Lenovo Says High DRAM and NAND Prices Will Become the New Normal, Early 2025 Price Levels Unlikely to Return

Taylor Wilson
Published 2026-06-26About 7 min read

Lenovo declared at ISC 2026 that DRAM and NAND prices, after surging from late Q3 2025, will most likely stay elevated through 2030 and beyond. This means cost pressure on every device from PCs to smartphones is structural, not cyclical.

01

How much have prices risen — and why "no going back"?

The current memory price surge began in late Q3 2025 and has already far exceeded market expectations, with supply shortages ongoing.
Lenovo calls this the "new normal" for the memory market — high prices will be the industry baseline from 2030 onward, not a temporary spike.
This means → Lenovo sees this not as an ordinary pricing cycle but as a fundamental shift in the supply-demand structure.
02

Factories are expanding — so why is there still a shortage?
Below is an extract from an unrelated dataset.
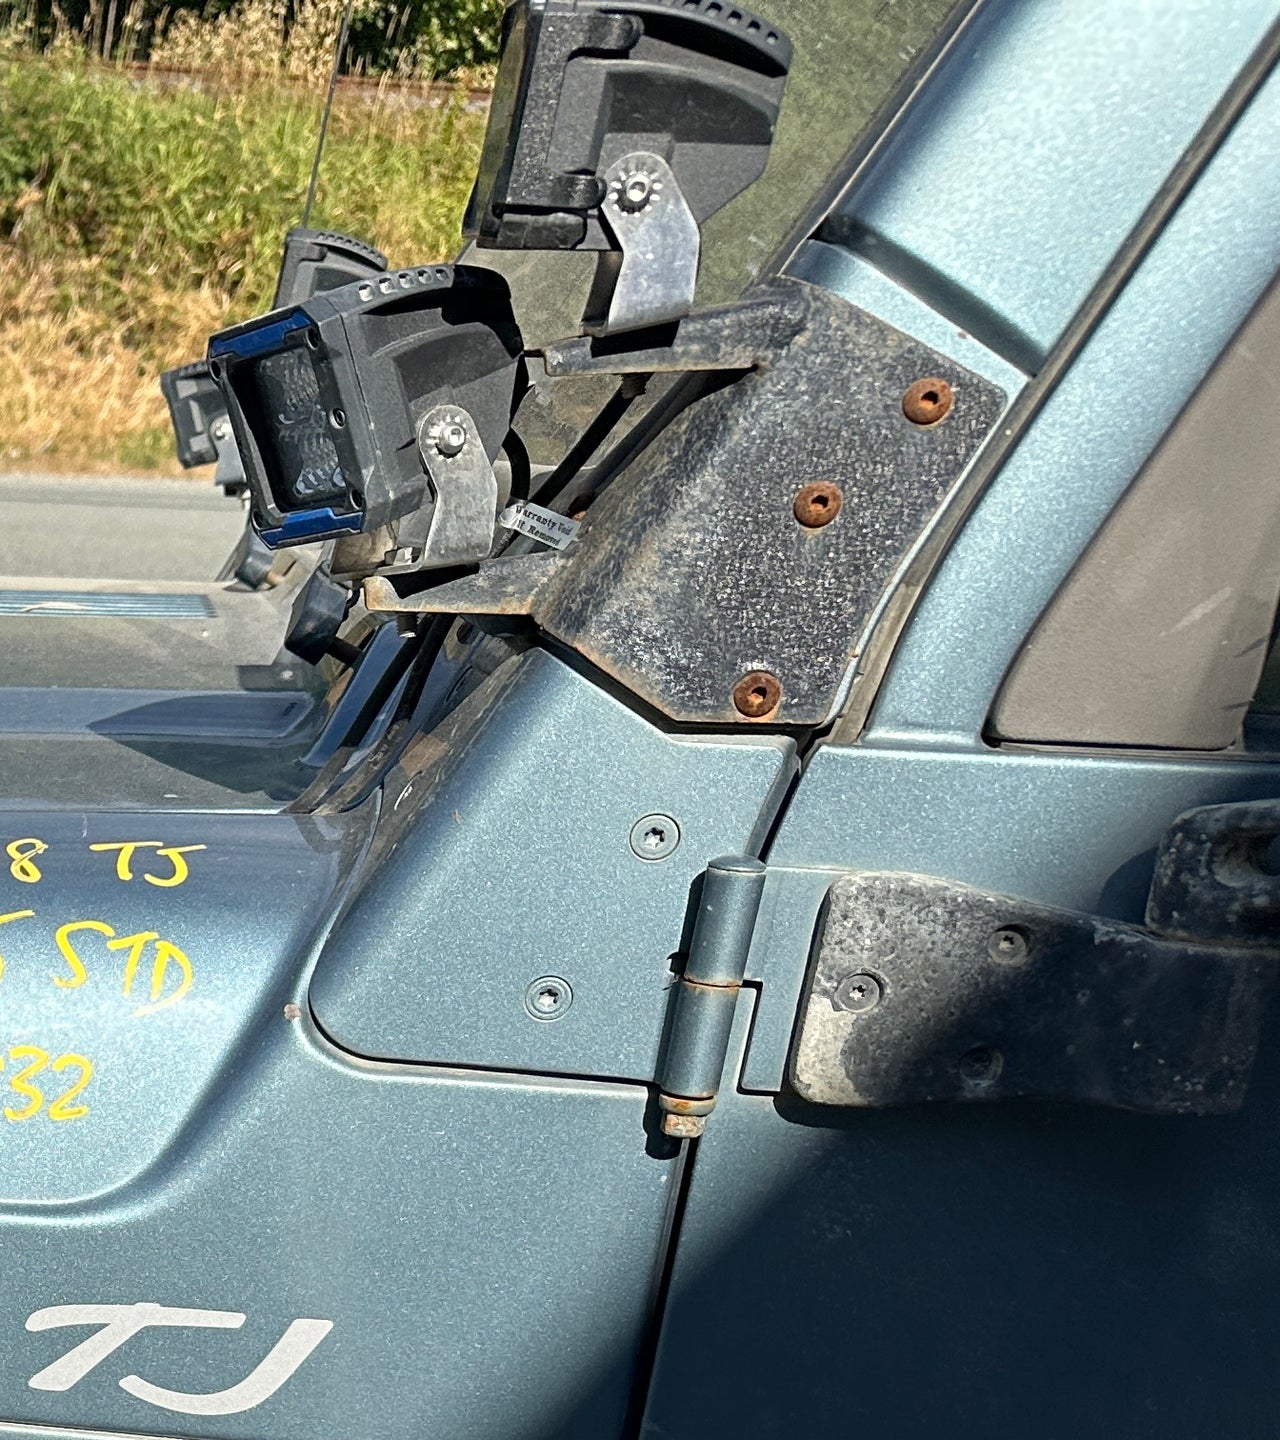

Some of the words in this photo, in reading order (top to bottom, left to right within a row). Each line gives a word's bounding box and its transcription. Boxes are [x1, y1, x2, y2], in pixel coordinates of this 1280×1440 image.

[89, 841, 207, 887] TJ
[52, 920, 193, 1017] STD
[25, 1302, 334, 1415] TJ
Major global manufacturers are indeed building new fabs and ramping capacity; Lenovo's presentation charted each maker's expansion plans.
But Lenovo's assessment: the new capacity will have limited effect on the current supply-demand tightness.
In plain terms = factories are going up, but demand is growing faster. The gap cannot be closed simply by building more plants.
03

Is Lenovo alone in this view?

Micron has publicly stated that demand now far outstrips its supply capacity — even strategic and top-tier customers cannot be fully served.
Samsung and SK Hynix have signaled the same.
This reflects a system-wide consensus, not a single-company problem — when all three memory giants say they cannot keep up, the shortage is structural.
04

Who gets hit by higher prices?

The impact of high memory prices will ripple across downstream products: PCs, gaming consoles, smartphones, and every device that uses DRAM or NAND.
This means → consumers will ultimately feel this surge in retail prices, as cost pressure passes from the chip level all the way to the store shelf.
05

What are manufacturers doing about it?

SK Hynix plans to pull its post-2040 expansion roadmap forward to post-2030, aiming to triple memory output within that timeframe.
In plain terms = capacity originally scheduled for a decade-plus from now is being fast-tracked — but even so, relief won't arrive until after 2030.
The core uncertainty remains unresolved: whether new capacity can close the gap and whether end-user demand will cool. The market currently has no definitive answer.

Content is for reference only, not financial advice.